In eight years there were eight accidents and no one but me ever got hurt. I had done every manner of automobile acrobatics but still considered myself a good driver. I guess you can be anything in your dreams and I had lived continuously in and out of one. I guess Willie was my driver in any stressful situation. Yet it seems far from normal that after flipping, rolling, and landing the car upside down on an unlit mountain bend that anyone would merely unbuckle the seat belt, drop to the roof, unwind and climb out the window, run down the road to flag down oncoming lights, and then sit on a rock saying “shit” over and over without a tear, without a shake. Rainman may have freaked out in a traffic jam, but on automatic pilot in a state of self-denial and a step away from consciousness and awareness “I” was sometimes so normal it was chillingly abnormal.

For so long this tentative balance of denial had been the best compromise I had found.

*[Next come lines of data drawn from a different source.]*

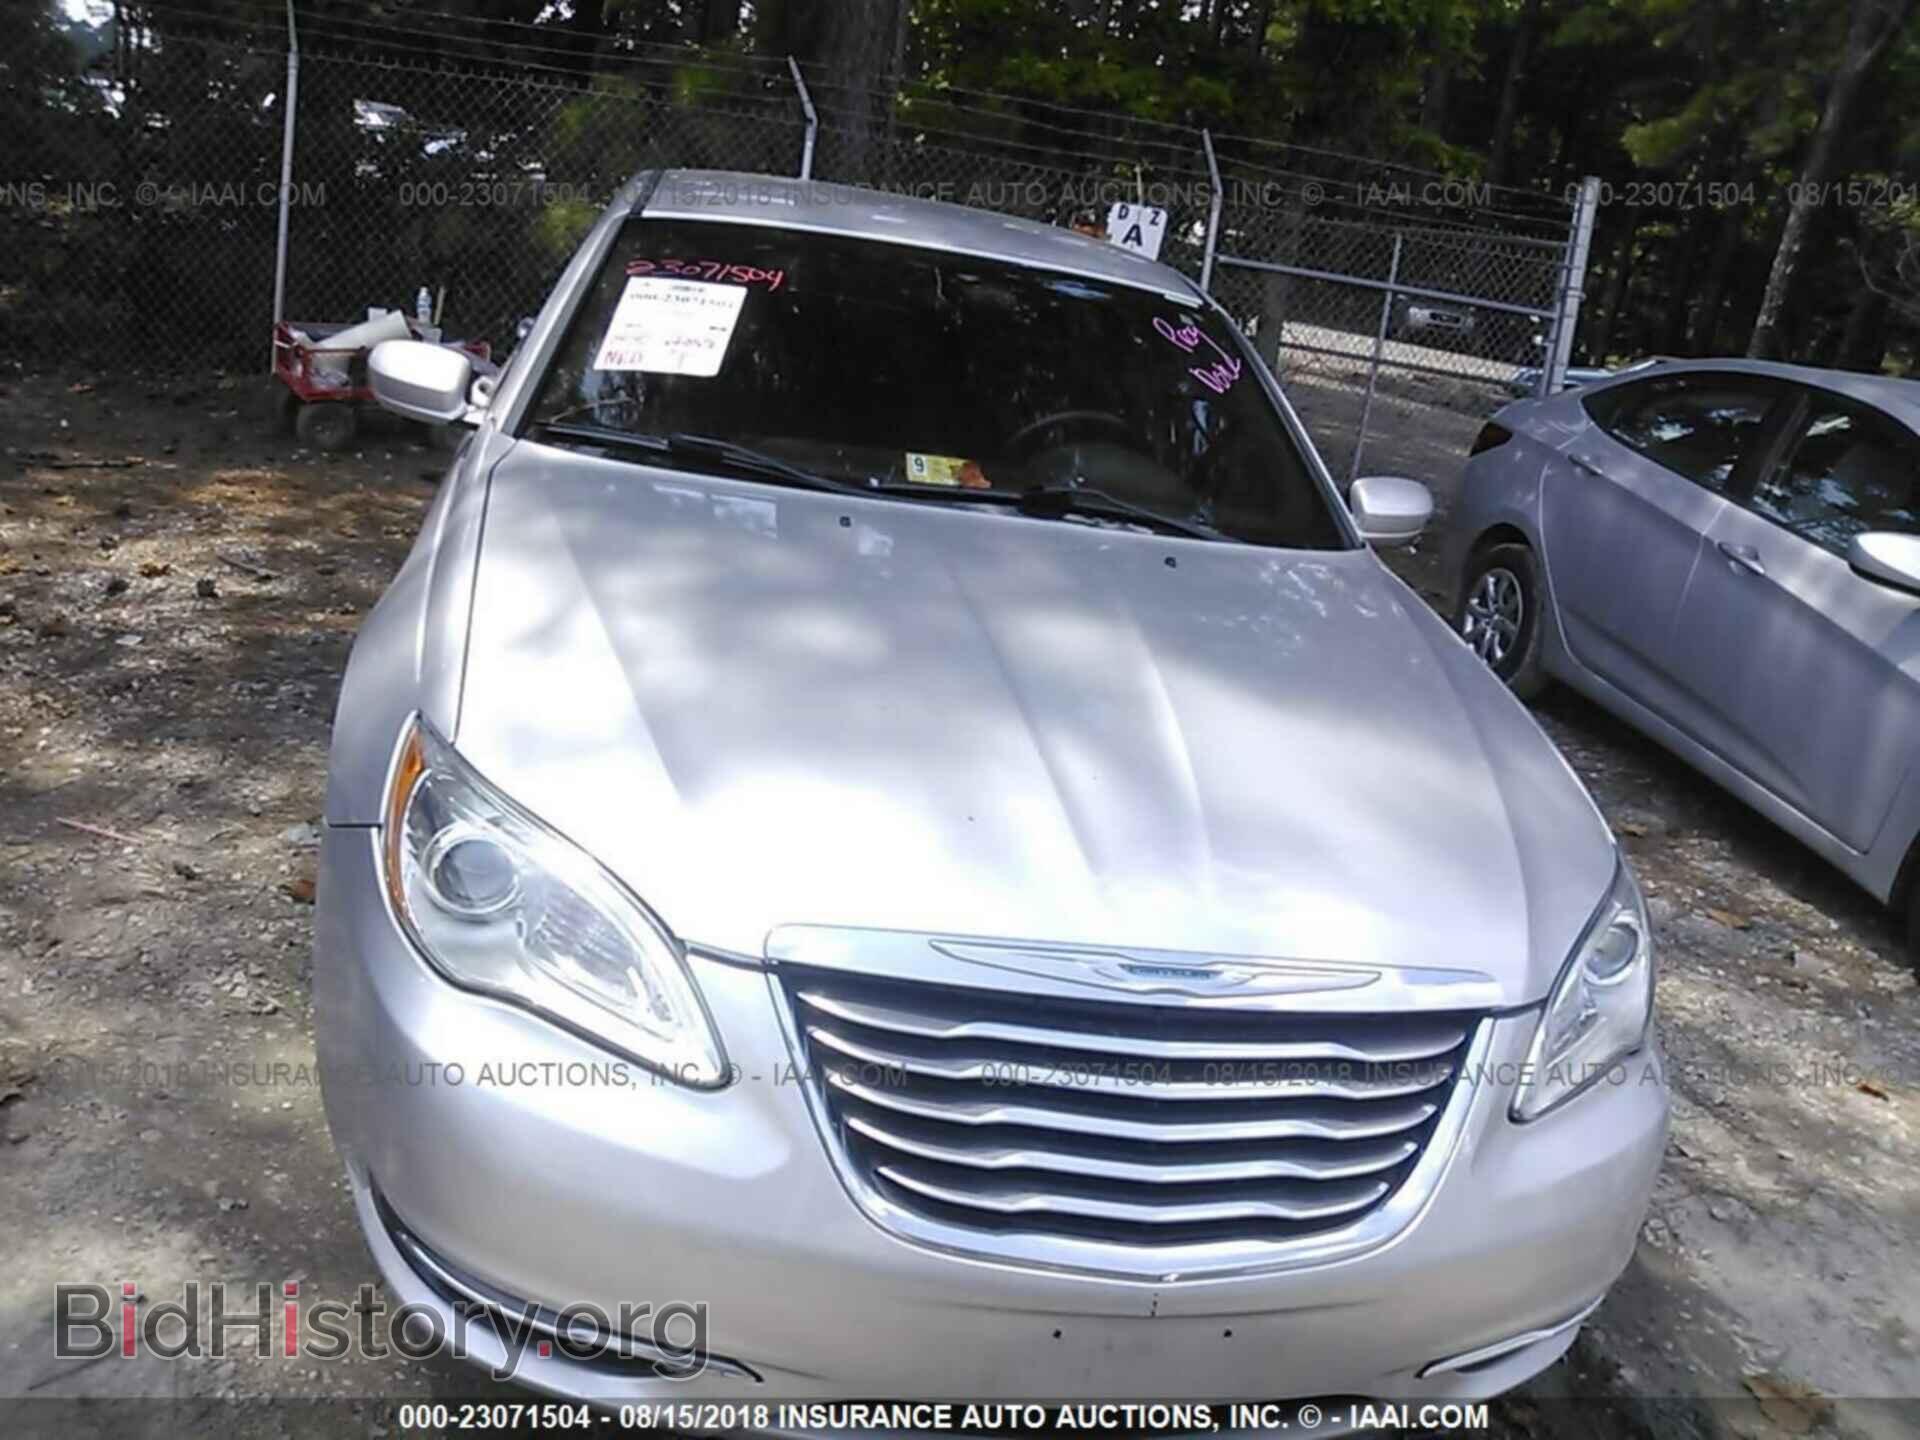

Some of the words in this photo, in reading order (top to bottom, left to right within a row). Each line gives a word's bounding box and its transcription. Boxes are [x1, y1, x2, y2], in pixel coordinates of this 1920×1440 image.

[1122, 224, 1143, 246] A
[625, 259, 784, 292] 23071504
[914, 456, 925, 473] 9
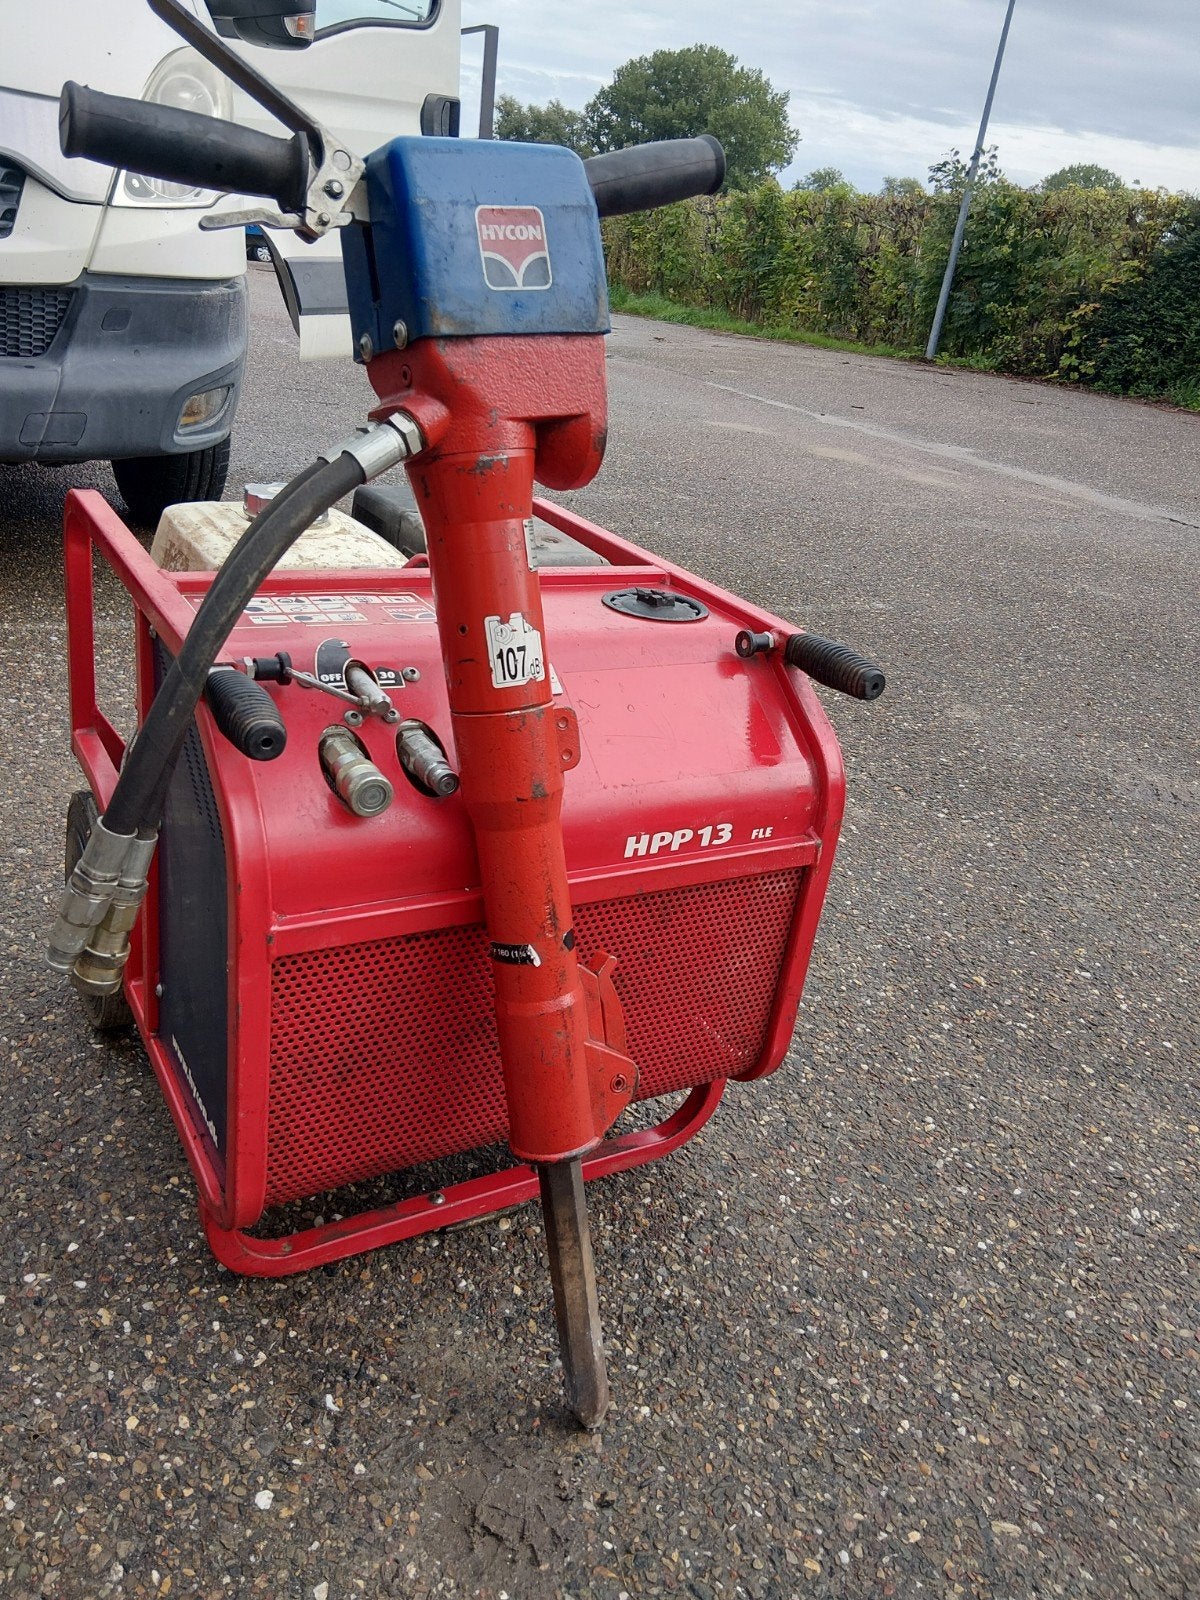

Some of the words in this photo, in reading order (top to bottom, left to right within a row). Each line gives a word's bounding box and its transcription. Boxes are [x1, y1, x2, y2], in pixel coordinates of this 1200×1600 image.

[481, 224, 542, 241] HYCON
[496, 645, 526, 681] 107
[530, 658, 541, 677] dB
[320, 673, 342, 682] OFF
[379, 671, 396, 680] 30
[750, 826, 774, 840] FLE

But the price tag was too high; to merely function was no longer such a good exchange for “to live.” The choice was not an easy one though. I had to accept the harsh reality that to live would involve being so much less than I could seem and be so much more difficult than sleep-walking. Everything was too colorful, too invasive, too constantly changing. I could switch off emotion and self, it would be tolerable; a film of someone else's life with my body cast in the leading role. I could hold on to self and
emotion and awareness and overload under the weight of everything coming into a mind with no sieve. Listening to the girlfriend's voice was the auditory equivalent of this. I'd be tuned out to cross the room or eat a meal or talk, and at the same time my ears would take in every minute detail with a clarity that sent my head spinning.